From the given conditions, we know that $x^2+(y-s)^2=1^2$ , $x^2+y^2=29^2$ , and $(x-s)^2+y^2=41^2$ . Solving this system of equations and considering the constraints on $x$ and $y$ , the area of the square, or $s^2$ , is 882.

Side AB will always be less than 30 , because P is within the square and therefore A - P - B is not possible .

Therefore , area of the square is always less than 30^2 ie 900 and also diagonal will always be less than 30*sqrt2 ie approx 42.42

Further , assume that the perpendicular from P on side BC divides the side BC into the lengths b and c , so that b + c = the side of the square ,

then by Pythagoras theorom , 29^2-b^2=41^2-c^2 therefore : c^2-b^2=41^2-29^2=840 ie ( b + c ) ( b - c ) = 840

Since b + c = side of square , say s

s ( b - c ) = 840

Similarly , for the side AB , if perpendicular from P divides AB into 2 lengths e and f , then

we get s ( f - e ) = 840

Since e cannot be greater than or equal to 1 and f will be only marginally less than 29 , ( f - e ) will be a little less than 29 .
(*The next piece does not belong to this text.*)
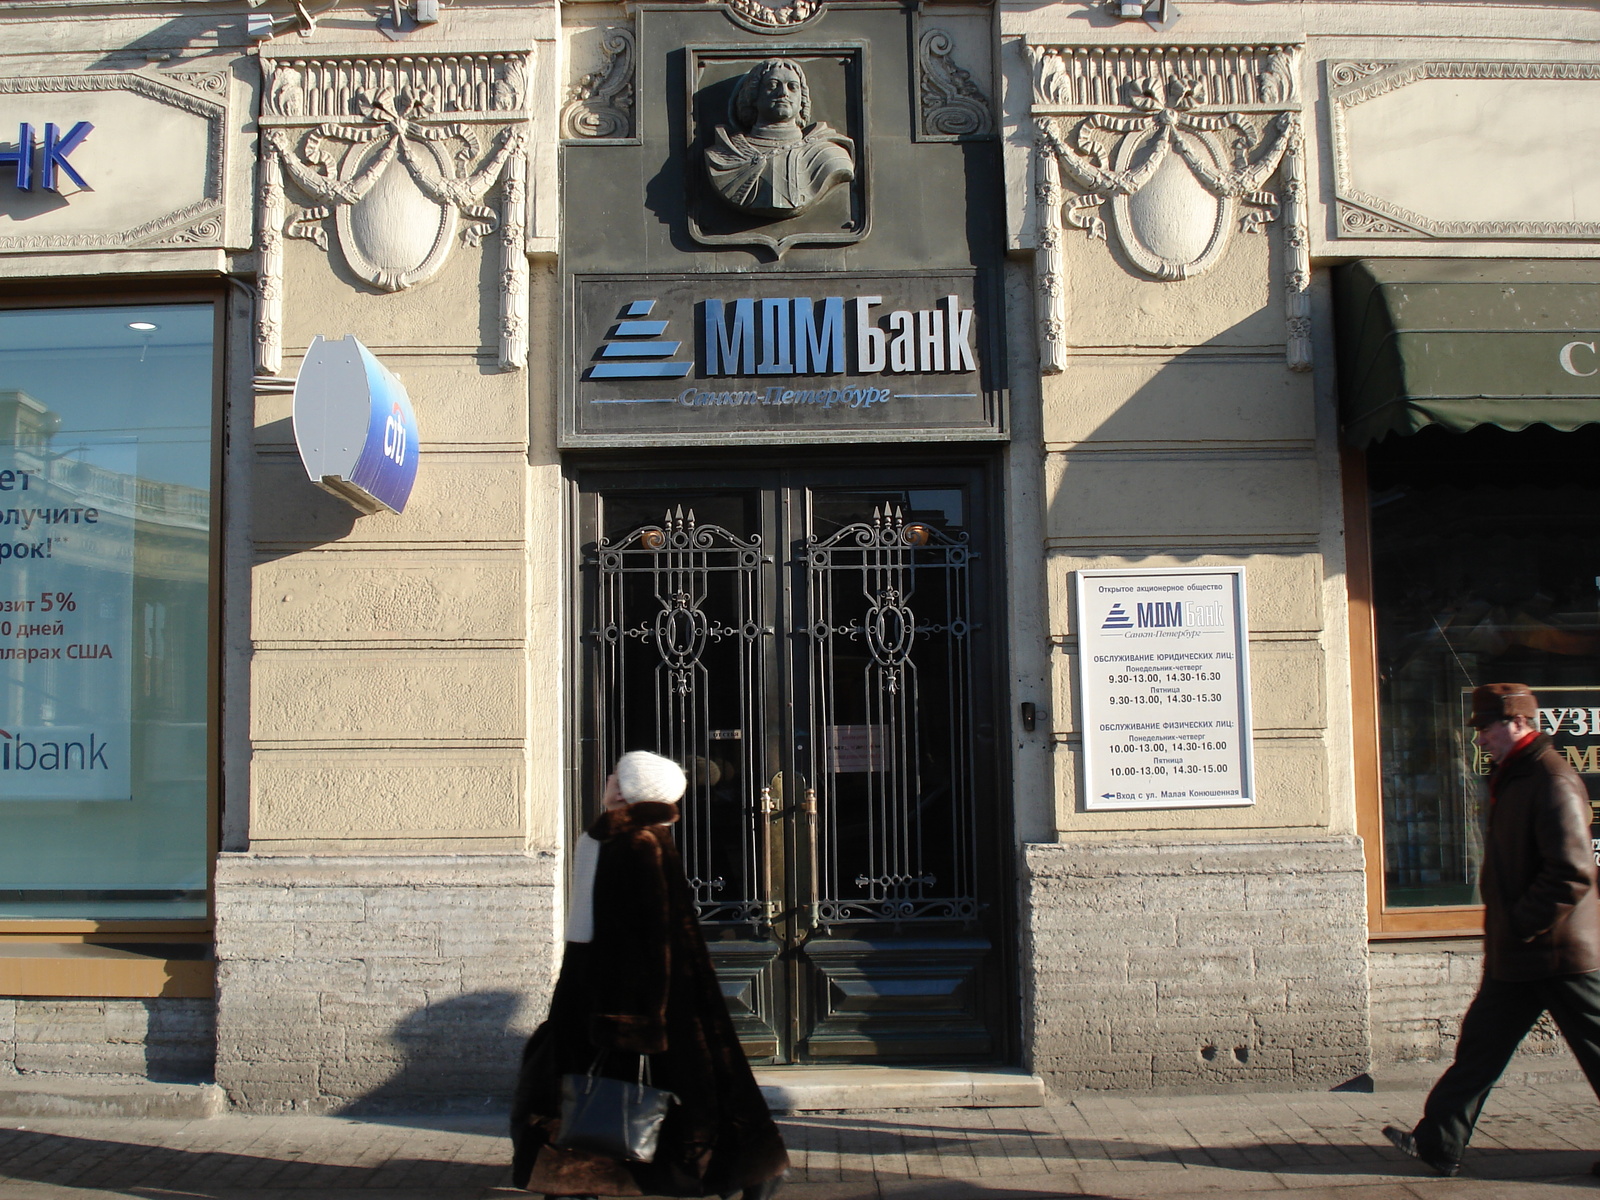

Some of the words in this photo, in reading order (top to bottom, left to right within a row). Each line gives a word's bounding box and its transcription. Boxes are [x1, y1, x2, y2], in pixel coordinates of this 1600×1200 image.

Therefore , s should be little more than 29
Now , we get limits for the side to be little more than 29 and therefore the area to be little more than 841 .

Summarising , we have 29 < s < 30 and 841 < area < 900 and 41 < diagonal < 42.42 Assume that P , A and C all lie on straight line . Then , since A - P - C , AC = AP + PC = 1 + 41 = 42 .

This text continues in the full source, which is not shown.